#### Image-backed grounding data
- - - - -

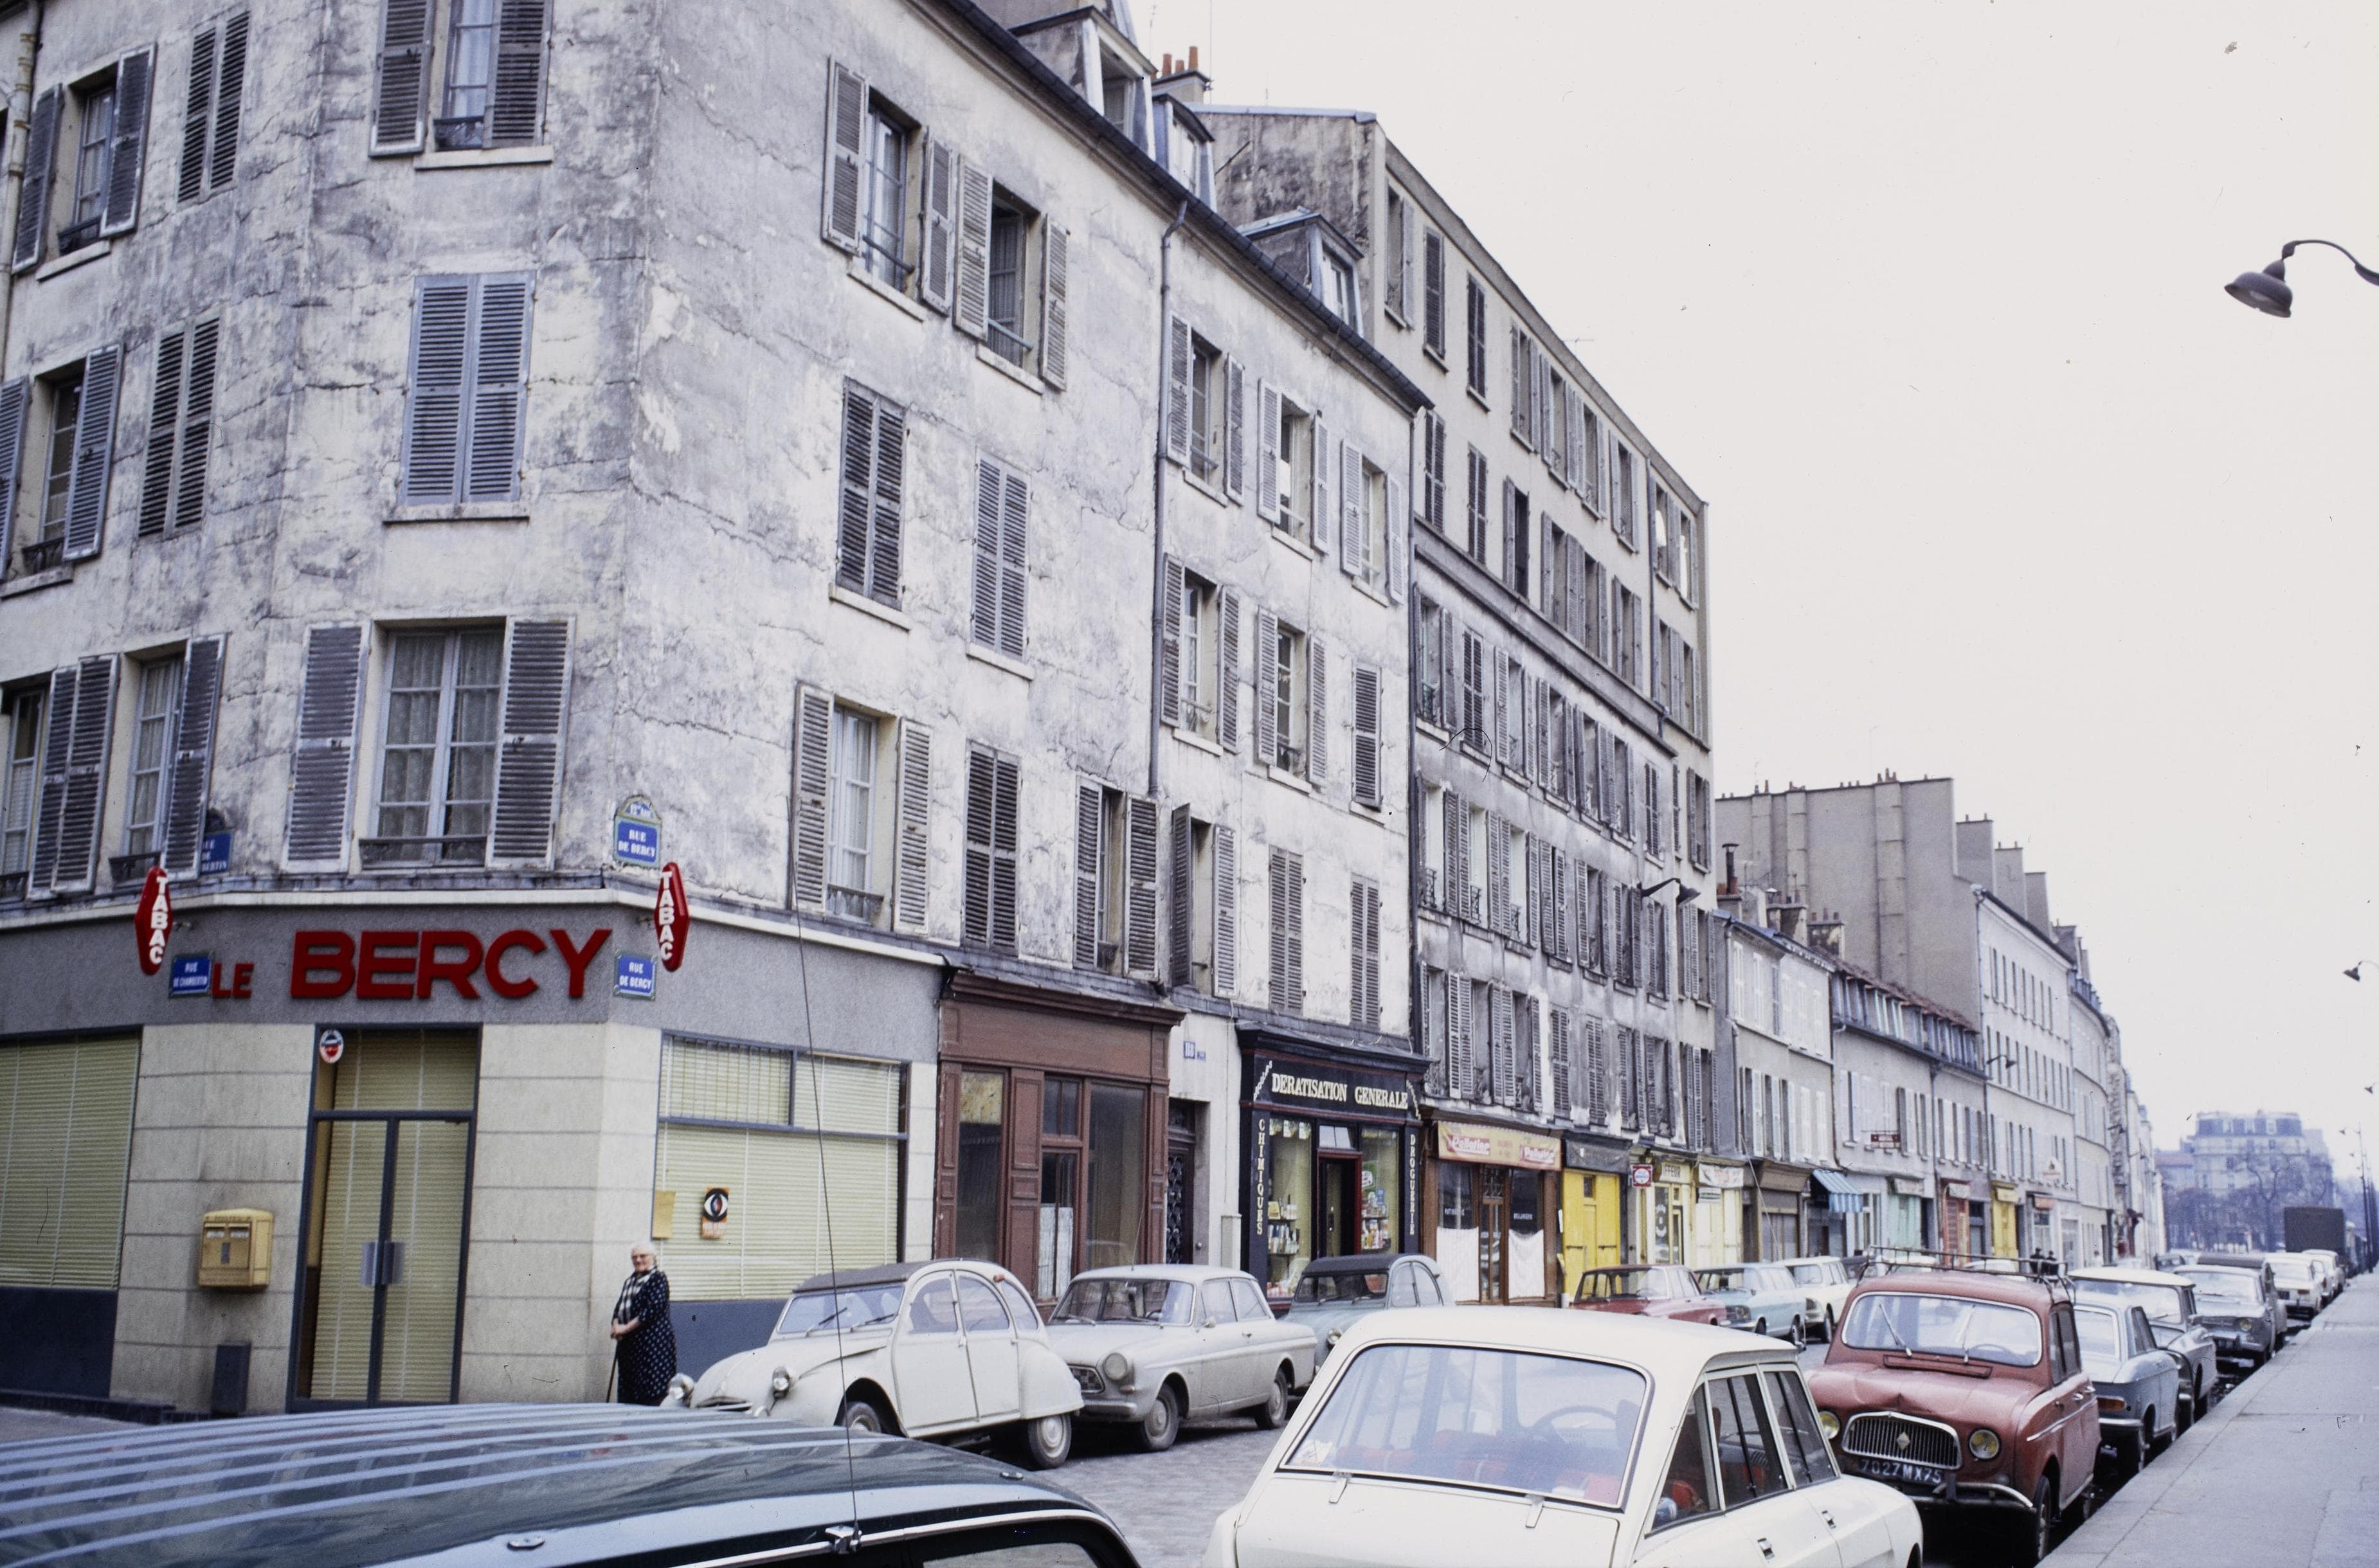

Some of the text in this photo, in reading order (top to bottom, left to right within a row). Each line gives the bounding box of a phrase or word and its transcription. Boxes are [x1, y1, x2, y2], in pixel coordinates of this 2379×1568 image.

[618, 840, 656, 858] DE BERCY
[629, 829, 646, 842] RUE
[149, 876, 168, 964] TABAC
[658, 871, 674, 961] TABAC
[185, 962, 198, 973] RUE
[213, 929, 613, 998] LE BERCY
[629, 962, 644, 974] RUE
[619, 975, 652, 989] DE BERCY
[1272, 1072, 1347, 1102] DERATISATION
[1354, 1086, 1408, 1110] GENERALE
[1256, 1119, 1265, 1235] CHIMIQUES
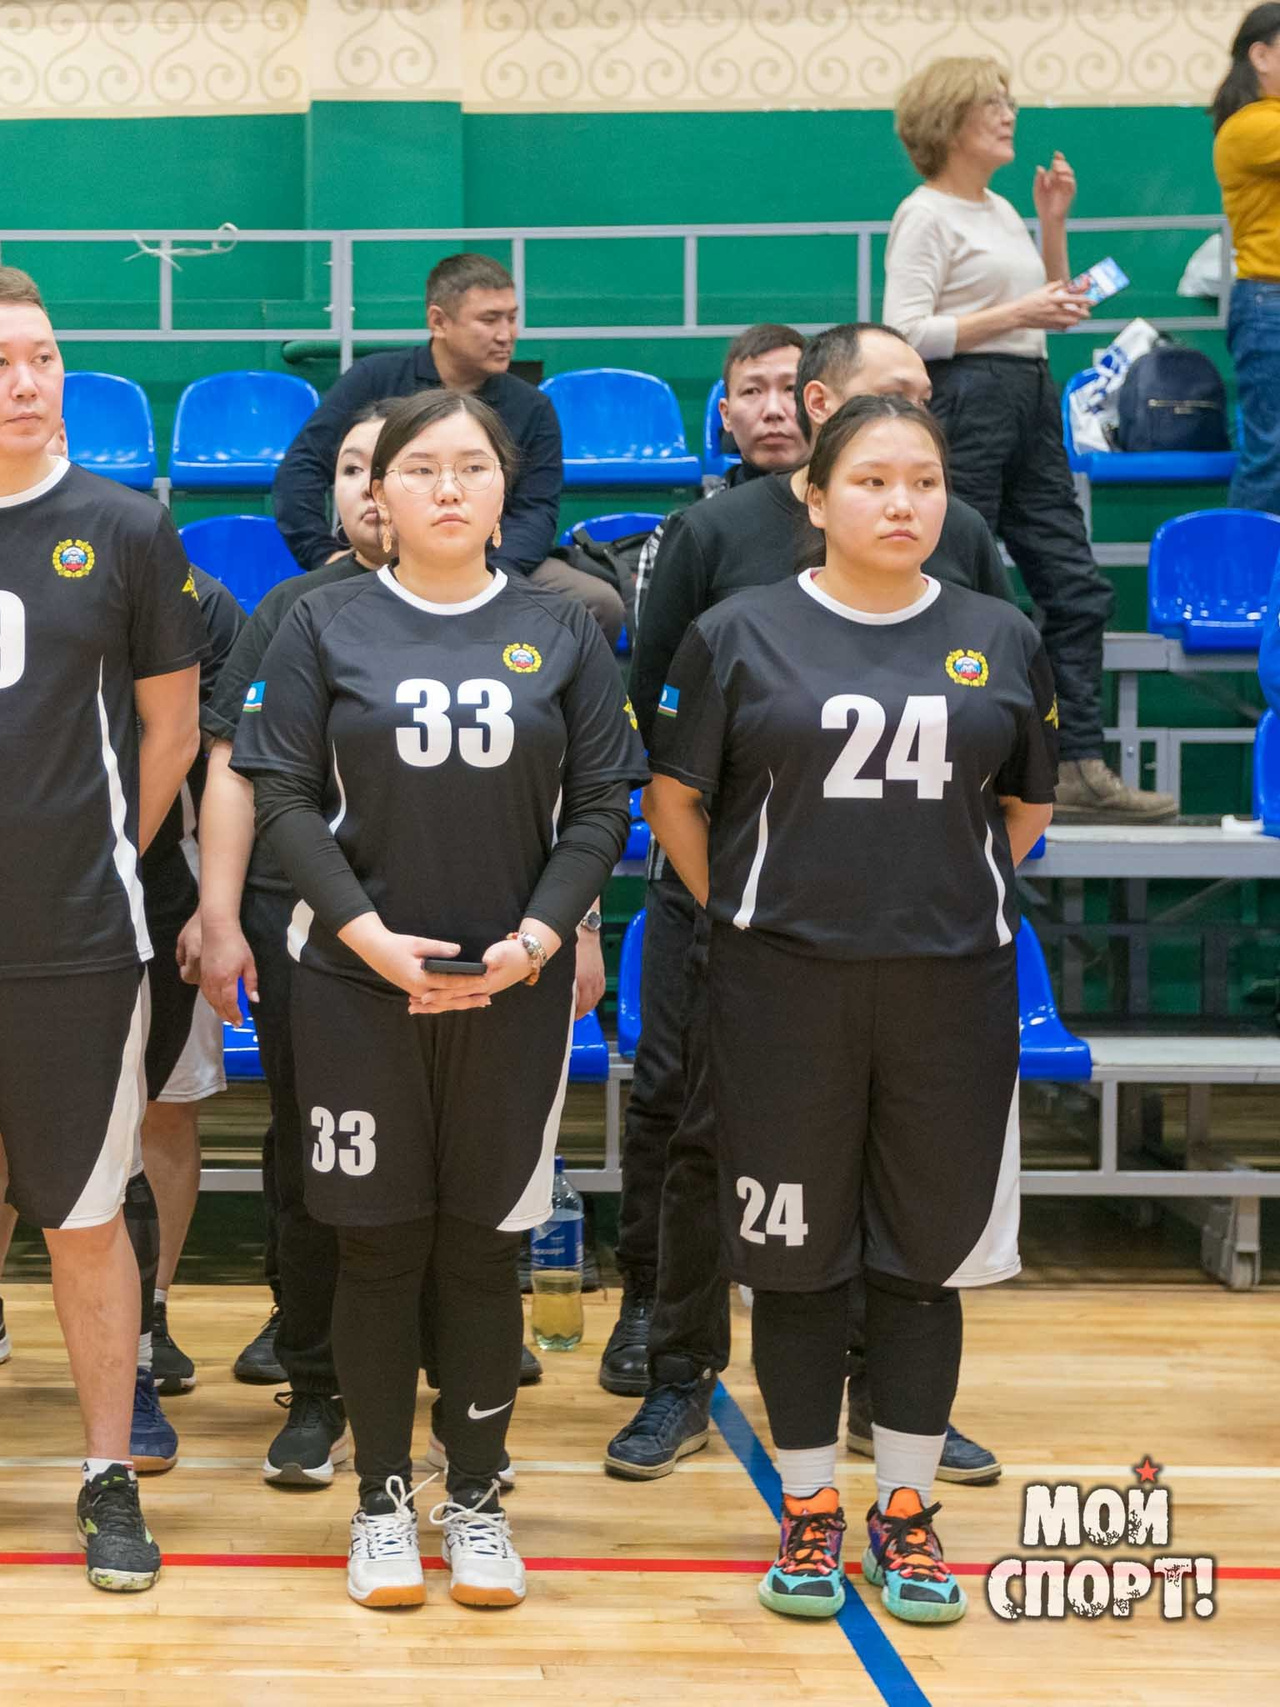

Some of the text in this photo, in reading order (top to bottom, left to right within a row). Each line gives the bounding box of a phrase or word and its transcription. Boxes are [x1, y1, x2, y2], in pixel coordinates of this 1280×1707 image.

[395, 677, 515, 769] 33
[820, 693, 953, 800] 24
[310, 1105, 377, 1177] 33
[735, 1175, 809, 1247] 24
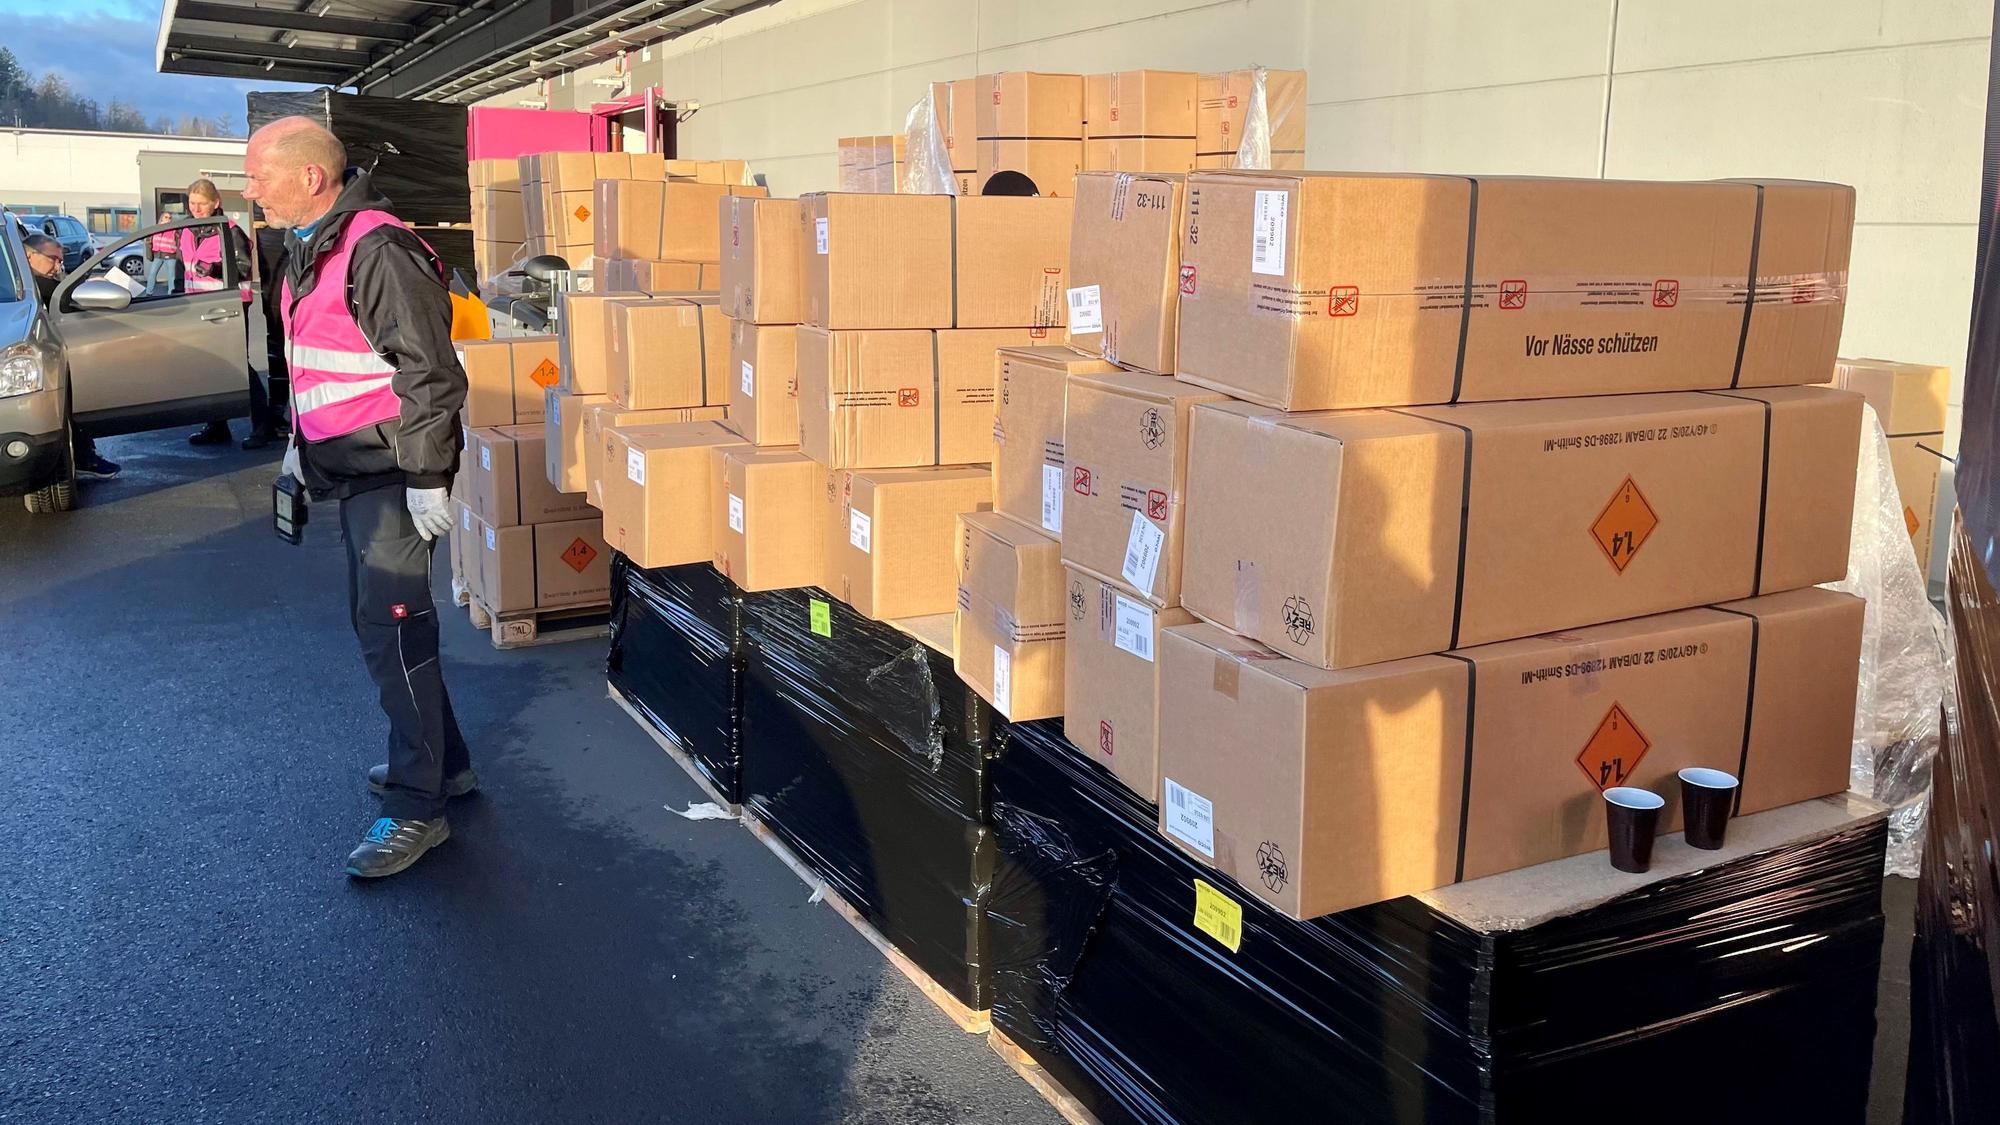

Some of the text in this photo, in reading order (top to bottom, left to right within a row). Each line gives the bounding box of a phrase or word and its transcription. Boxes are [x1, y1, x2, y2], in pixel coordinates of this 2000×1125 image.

- - - - -

#### The task
Produce an exact copy of the records above, leaving out the pictures.

#### Answer space
Some of the text in this photo, in reading order (top to bottom, left to right within a row). Each line gives the bounding box of a phrase or word and its transcription. Boxes are [x1, y1, x2, y2], in pixel coordinates of this 2379×1568 image.

[618, 840, 656, 858] DE BERCY
[629, 829, 646, 842] RUE
[149, 876, 168, 964] TABAC
[658, 871, 674, 961] TABAC
[185, 962, 198, 973] RUE
[213, 929, 613, 998] LE BERCY
[629, 962, 644, 974] RUE
[619, 975, 652, 989] DE BERCY
[1272, 1072, 1347, 1102] DERATISATION
[1354, 1086, 1408, 1110] GENERALE
[1256, 1119, 1265, 1235] CHIMIQUES

Some of the text in this photo, in reading order (top to bottom, left to right within a row). Each line gives the bounding box of a phrase or word and its transcription. Boxes are [x1, y1, x2, y2], in pixel coordinates of this 1280×1707 image.

[395, 677, 515, 769] 33
[820, 693, 953, 800] 24
[310, 1105, 377, 1177] 33
[735, 1175, 809, 1247] 24

Some of the text in this photo, in reading order (top to bottom, left to right within a row). Each line gives the bounding box of a phrase or word and its transcription. Boxes are [x1, y1, x2, y2], in pixel coordinates of this 2000×1125 image.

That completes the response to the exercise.